Your objective: Apart from the pictures, print the data below exactly as given.

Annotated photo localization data
┌──
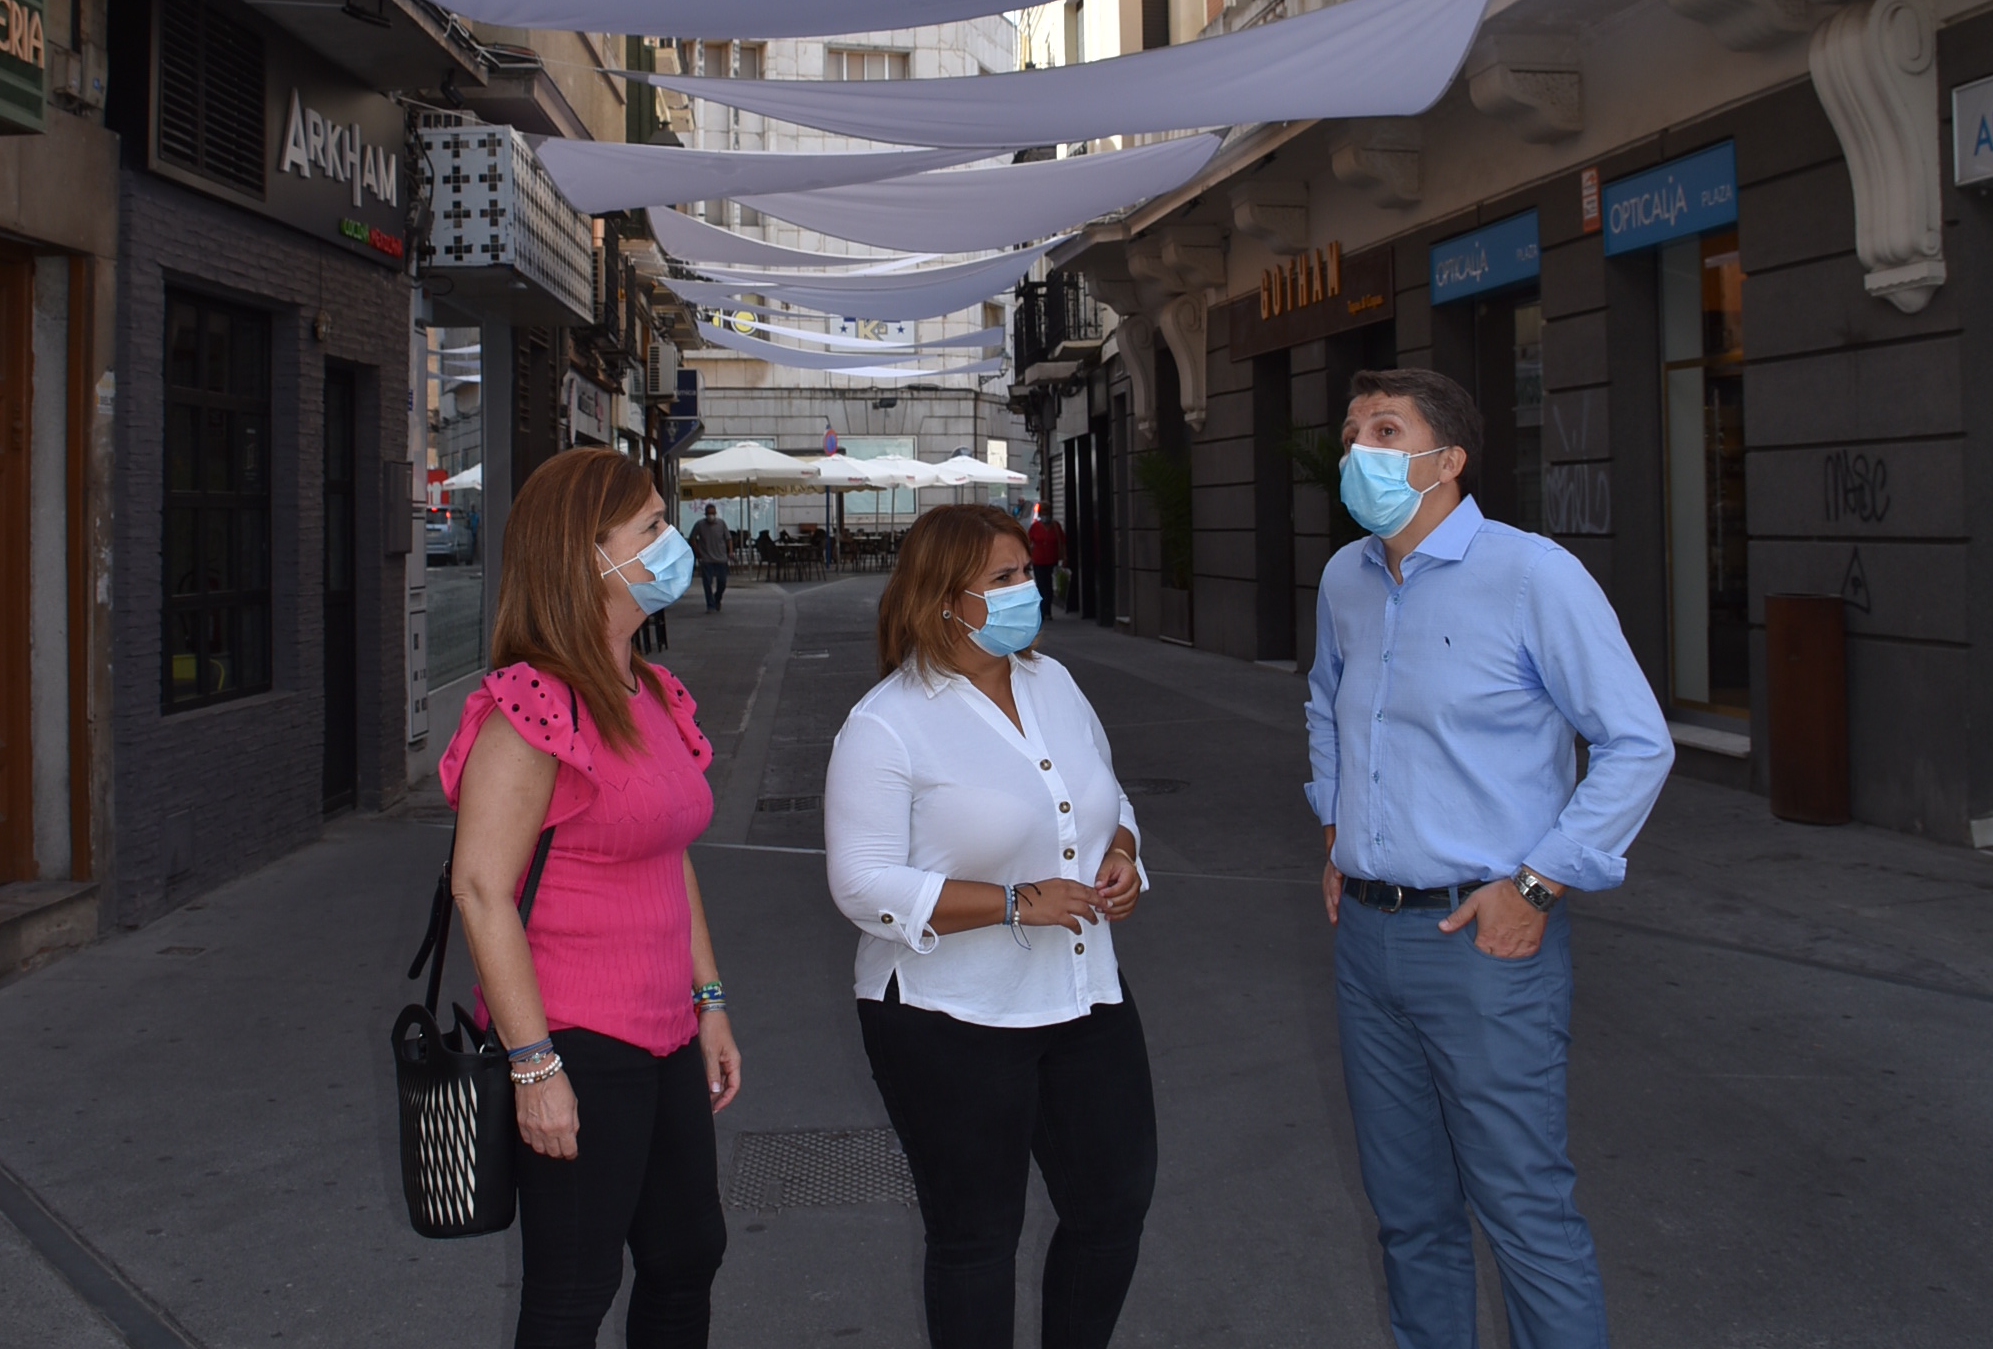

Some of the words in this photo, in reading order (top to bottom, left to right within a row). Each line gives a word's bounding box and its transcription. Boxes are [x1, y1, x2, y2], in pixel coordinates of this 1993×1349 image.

[279, 87, 397, 208] ARKHAM
[1701, 184, 1733, 208] PLAZA
[1260, 240, 1341, 321] GOTHAM
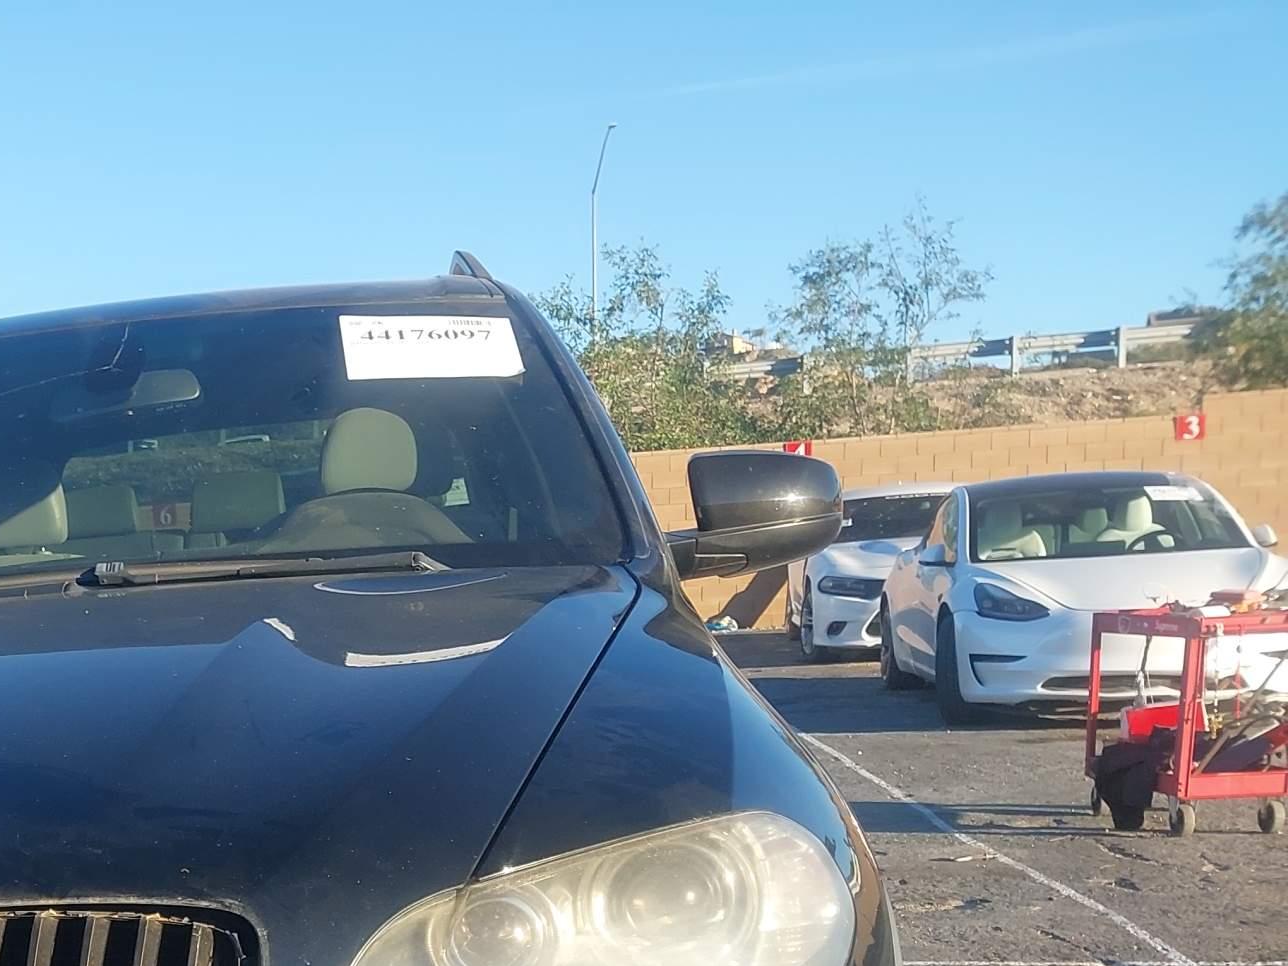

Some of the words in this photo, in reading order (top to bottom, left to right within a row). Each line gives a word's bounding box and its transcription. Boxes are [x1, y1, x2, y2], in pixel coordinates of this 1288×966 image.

[360, 329, 490, 340] 44176097
[1182, 416, 1200, 440] 3
[160, 505, 172, 525] 6
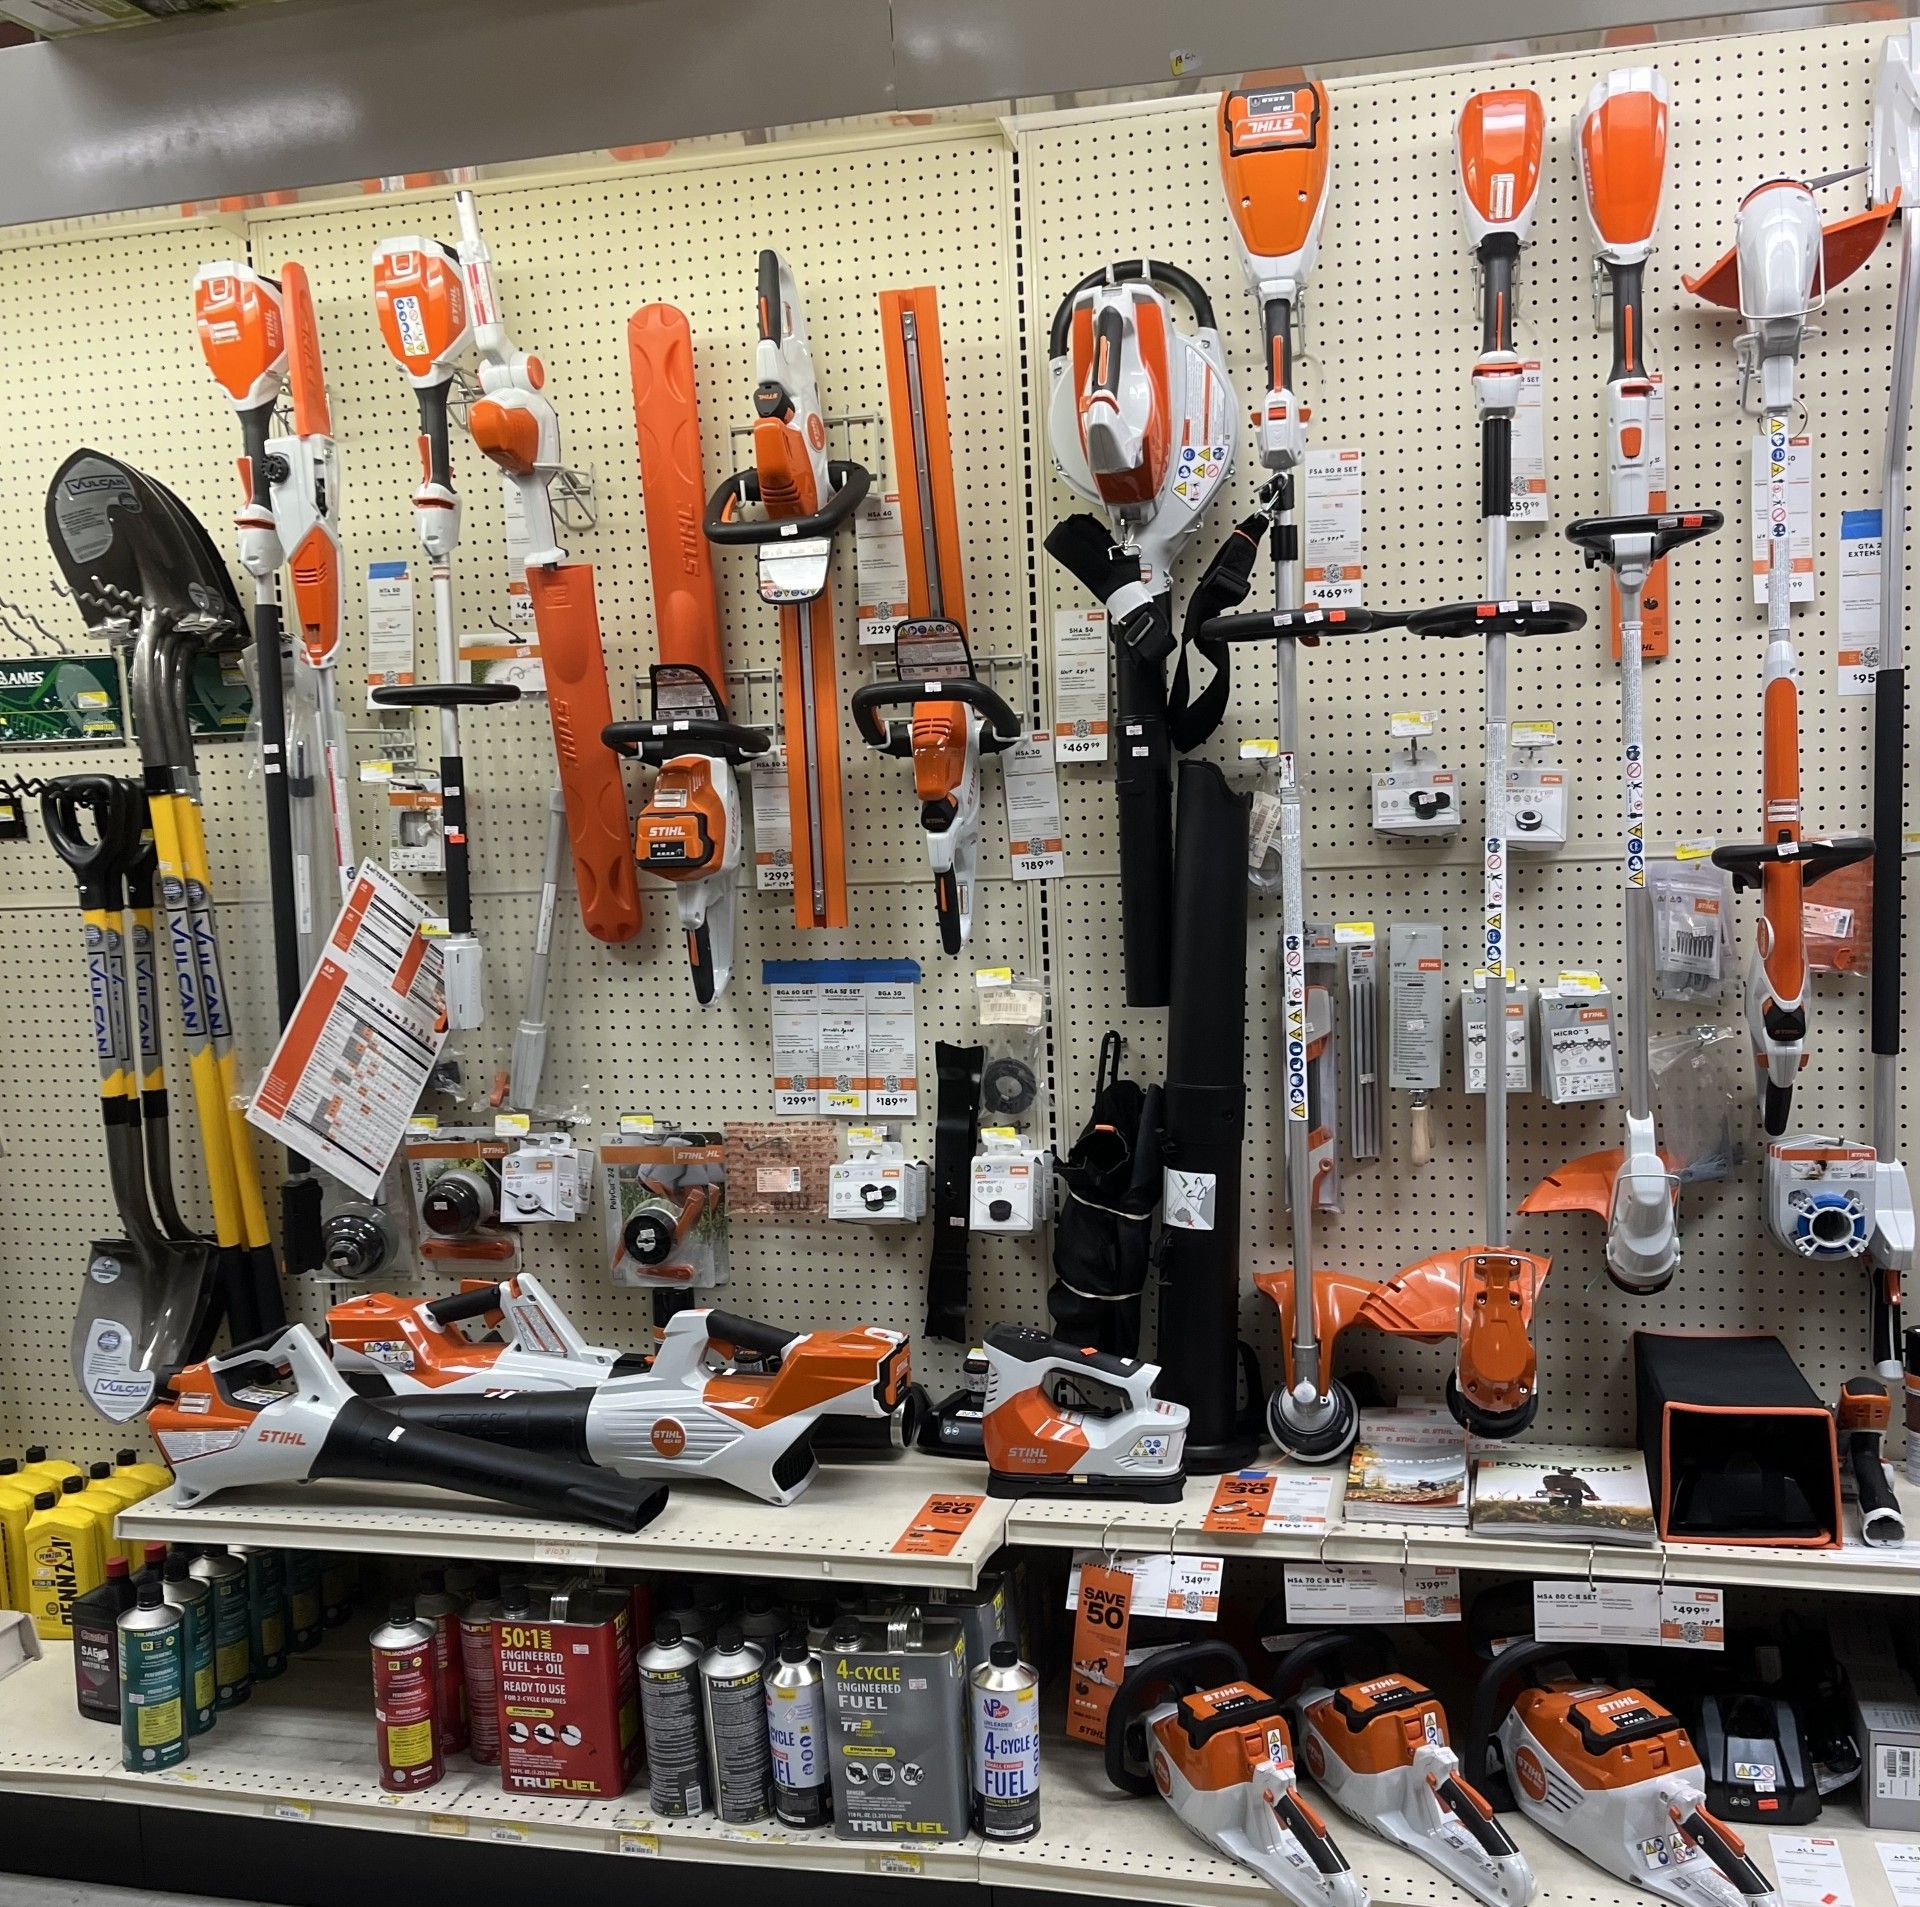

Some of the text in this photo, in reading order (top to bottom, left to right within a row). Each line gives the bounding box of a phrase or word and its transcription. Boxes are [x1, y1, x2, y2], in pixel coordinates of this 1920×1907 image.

[1248, 117, 1295, 134] STIHL
[449, 286, 461, 325] STIHL
[268, 308, 278, 348] STIHL
[1309, 467, 1323, 475] FSA
[70, 475, 128, 491] VULCAN
[677, 503, 700, 577] STIHL
[1848, 550, 1881, 558] EXTENS
[516, 602, 534, 610] $44
[9, 671, 45, 685] AMES
[1853, 672, 1876, 685] $95
[648, 825, 686, 838] STIHL
[169, 915, 199, 1030] VULCAN
[1420, 961, 1440, 969] STIHL
[89, 958, 109, 1053] VULCAN
[1582, 1011, 1606, 1019] STIHL
[482, 1146, 506, 1155] STIHL
[677, 1150, 705, 1160] STIHL
[99, 1379, 149, 1398] VULCAN
[258, 1429, 307, 1446] STIHL
[653, 1430, 682, 1439] STIHL
[1007, 1447, 1048, 1459] STIHL
[1417, 1453, 1462, 1465] TOOLS
[1495, 1461, 1633, 1474] POWER TOOLS
[929, 1500, 976, 1509] SAVE
[1083, 1587, 1126, 1607] SAVE
[501, 1626, 552, 1650] 50:1 MIX
[81, 1645, 98, 1658] SAE
[501, 1650, 564, 1663] ENGINEERED
[82, 1660, 101, 1670] MOTOR
[502, 1661, 531, 1673] FUEL
[545, 1663, 565, 1676] OIL
[836, 1658, 901, 1681] 4-CYCLE
[711, 1671, 761, 1688] TRUFUEL
[1359, 1676, 1401, 1695] STIHL
[503, 1680, 566, 1695] READY TO USE
[837, 1682, 902, 1694] ENGINEERED
[1202, 1684, 1244, 1704] STIHL
[541, 1697, 567, 1705] ENGINES
[838, 1694, 888, 1710] FUEL
[983, 1698, 1001, 1718] VP
[1597, 1696, 1640, 1714] STIHL
[983, 1720, 1013, 1728] UNLEADED
[1078, 1725, 1106, 1740] STIHL
[984, 1731, 1031, 1761] 4-CYCLE
[1516, 1757, 1546, 1785] STIHL
[510, 1775, 602, 1793] TRUFUEL
[984, 1769, 1029, 1798] FUEL
[848, 1819, 949, 1835] TRUFUEL
└──
Expected output:
Some of the words in this photo, in reading order (top to bottom, left to right within a row). Each line gives a word's bounding box and its transcription. Boxes are [x1, y1, x2, y2], in pixel coordinates of this 1993×1349 image.

[279, 87, 397, 208] ARKHAM
[1701, 184, 1733, 208] PLAZA
[1260, 240, 1341, 321] GOTHAM

Some of the words in this photo, in reading order (top to bottom, left to right within a row). Each line gives a word's bounding box and its transcription. Boxes are [x1, y1, x2, y2], in pixel coordinates of this 1288×966 image.

[360, 329, 490, 340] 44176097
[1182, 416, 1200, 440] 3
[160, 505, 172, 525] 6

Some of the text in this photo, in reading order (top to bottom, left to right within a row). Each line gives the bounding box of a phrase or word and its transcription. Boxes are [x1, y1, x2, y2], in pixel coordinates of this 1920×1907 image.

[1248, 117, 1295, 134] STIHL
[449, 286, 461, 325] STIHL
[268, 308, 278, 348] STIHL
[1309, 467, 1323, 475] FSA
[70, 475, 128, 491] VULCAN
[677, 503, 700, 577] STIHL
[1848, 550, 1881, 558] EXTENS
[516, 602, 534, 610] $44
[9, 671, 45, 685] AMES
[1853, 672, 1876, 685] $95
[648, 825, 686, 838] STIHL
[169, 915, 199, 1030] VULCAN
[1420, 961, 1440, 969] STIHL
[89, 958, 109, 1053] VULCAN
[1582, 1011, 1606, 1019] STIHL
[482, 1146, 506, 1155] STIHL
[677, 1150, 705, 1160] STIHL
[99, 1379, 149, 1398] VULCAN
[258, 1429, 307, 1446] STIHL
[653, 1430, 682, 1439] STIHL
[1007, 1447, 1048, 1459] STIHL
[1417, 1453, 1462, 1465] TOOLS
[1495, 1461, 1633, 1474] POWER TOOLS
[929, 1500, 976, 1509] SAVE
[1083, 1587, 1126, 1607] SAVE
[501, 1626, 552, 1650] 50:1 MIX
[81, 1645, 98, 1658] SAE
[501, 1650, 564, 1663] ENGINEERED
[82, 1660, 101, 1670] MOTOR
[502, 1661, 531, 1673] FUEL
[545, 1663, 565, 1676] OIL
[836, 1658, 901, 1681] 4-CYCLE
[711, 1671, 761, 1688] TRUFUEL
[1359, 1676, 1401, 1695] STIHL
[503, 1680, 566, 1695] READY TO USE
[837, 1682, 902, 1694] ENGINEERED
[1202, 1684, 1244, 1704] STIHL
[541, 1697, 567, 1705] ENGINES
[838, 1694, 888, 1710] FUEL
[983, 1698, 1001, 1718] VP
[1597, 1696, 1640, 1714] STIHL
[983, 1720, 1013, 1728] UNLEADED
[1078, 1725, 1106, 1740] STIHL
[984, 1731, 1031, 1761] 4-CYCLE
[1516, 1757, 1546, 1785] STIHL
[510, 1775, 602, 1793] TRUFUEL
[984, 1769, 1029, 1798] FUEL
[848, 1819, 949, 1835] TRUFUEL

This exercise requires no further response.